REQUIREMENT: The required answer is an exact copy of the records below, without pictures.

START RECORD EXCERPTS

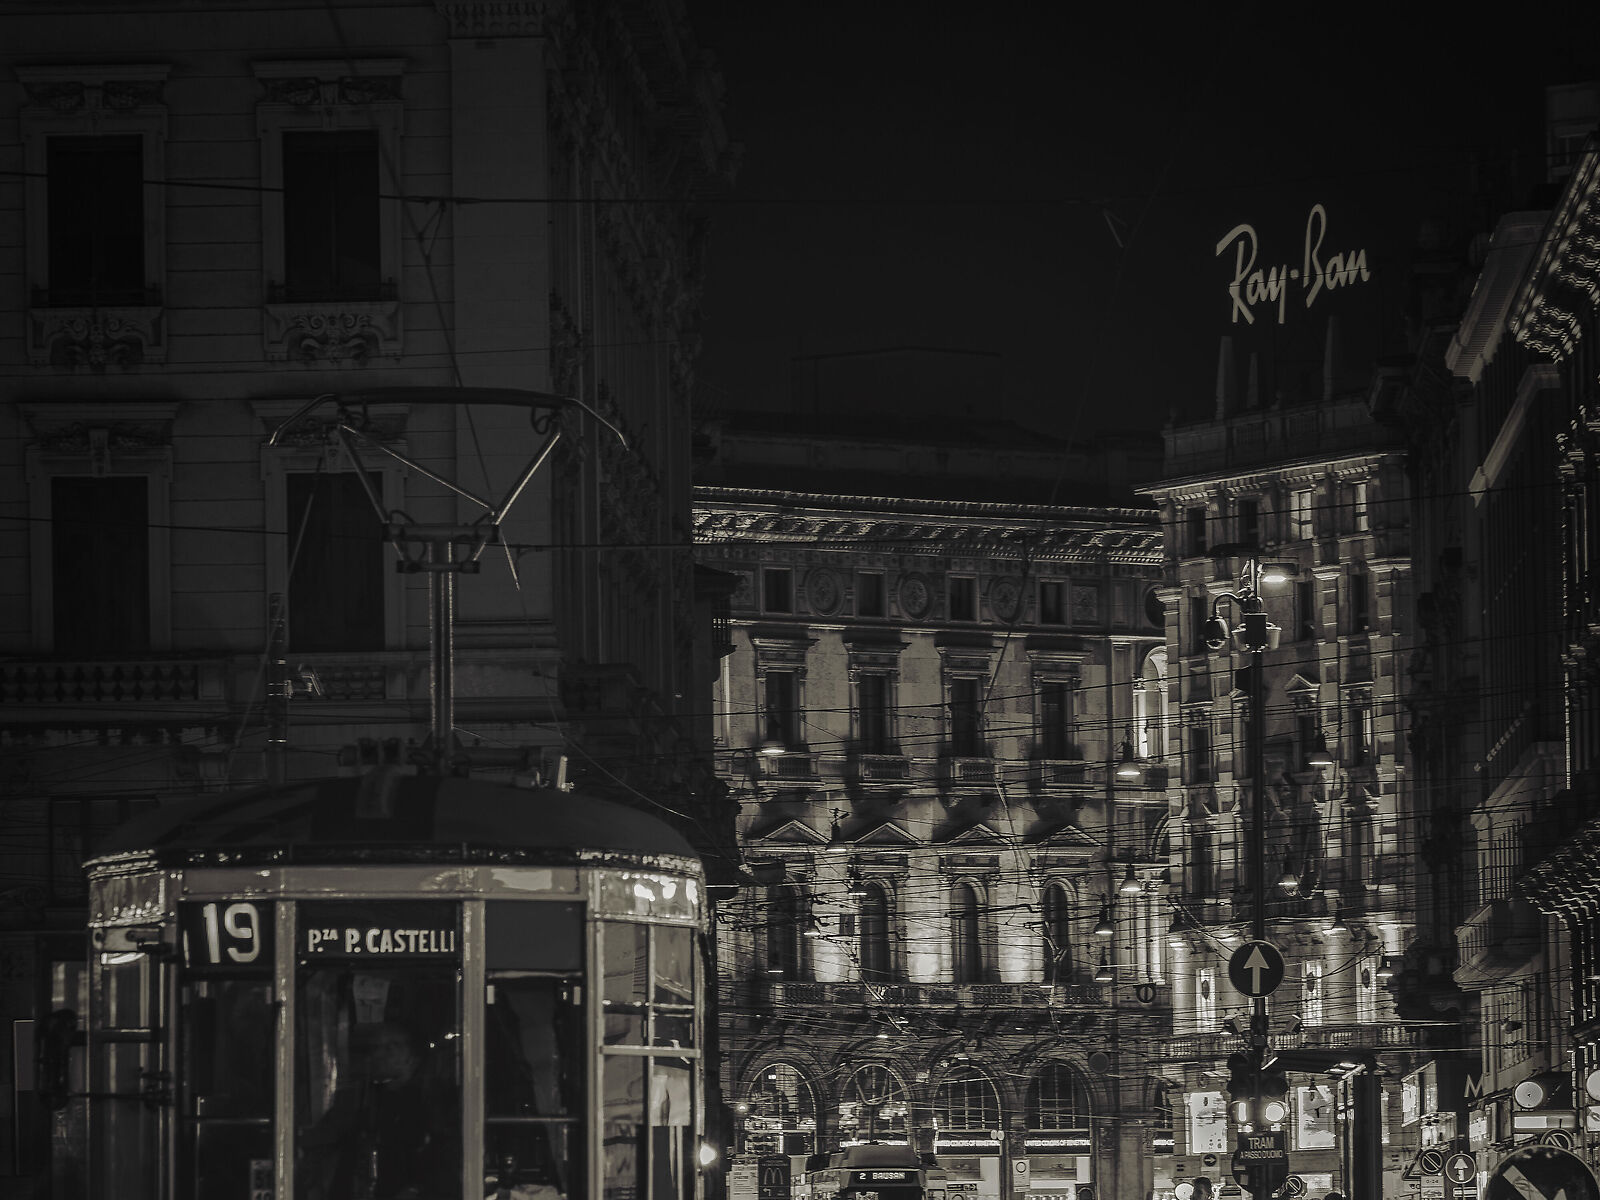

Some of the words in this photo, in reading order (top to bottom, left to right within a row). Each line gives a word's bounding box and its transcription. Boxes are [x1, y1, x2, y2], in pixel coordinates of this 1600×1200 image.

[1216, 203, 1371, 324] Ray-Ban
[203, 903, 260, 963] 19
[1248, 1137, 1275, 1149] TRAM
[860, 1172, 866, 1180] 2

END RECORD EXCERPTS

TASK SOLUTION:
Some of the words in this photo, in reading order (top to bottom, left to right within a row). Each line gives a word's bounding box and its transcription. Boxes are [x1, y1, x2, y2], in pixel coordinates of this 1600×1200 image.

[1216, 203, 1371, 324] Ray-Ban
[203, 903, 260, 963] 19
[1248, 1137, 1275, 1149] TRAM
[860, 1172, 866, 1180] 2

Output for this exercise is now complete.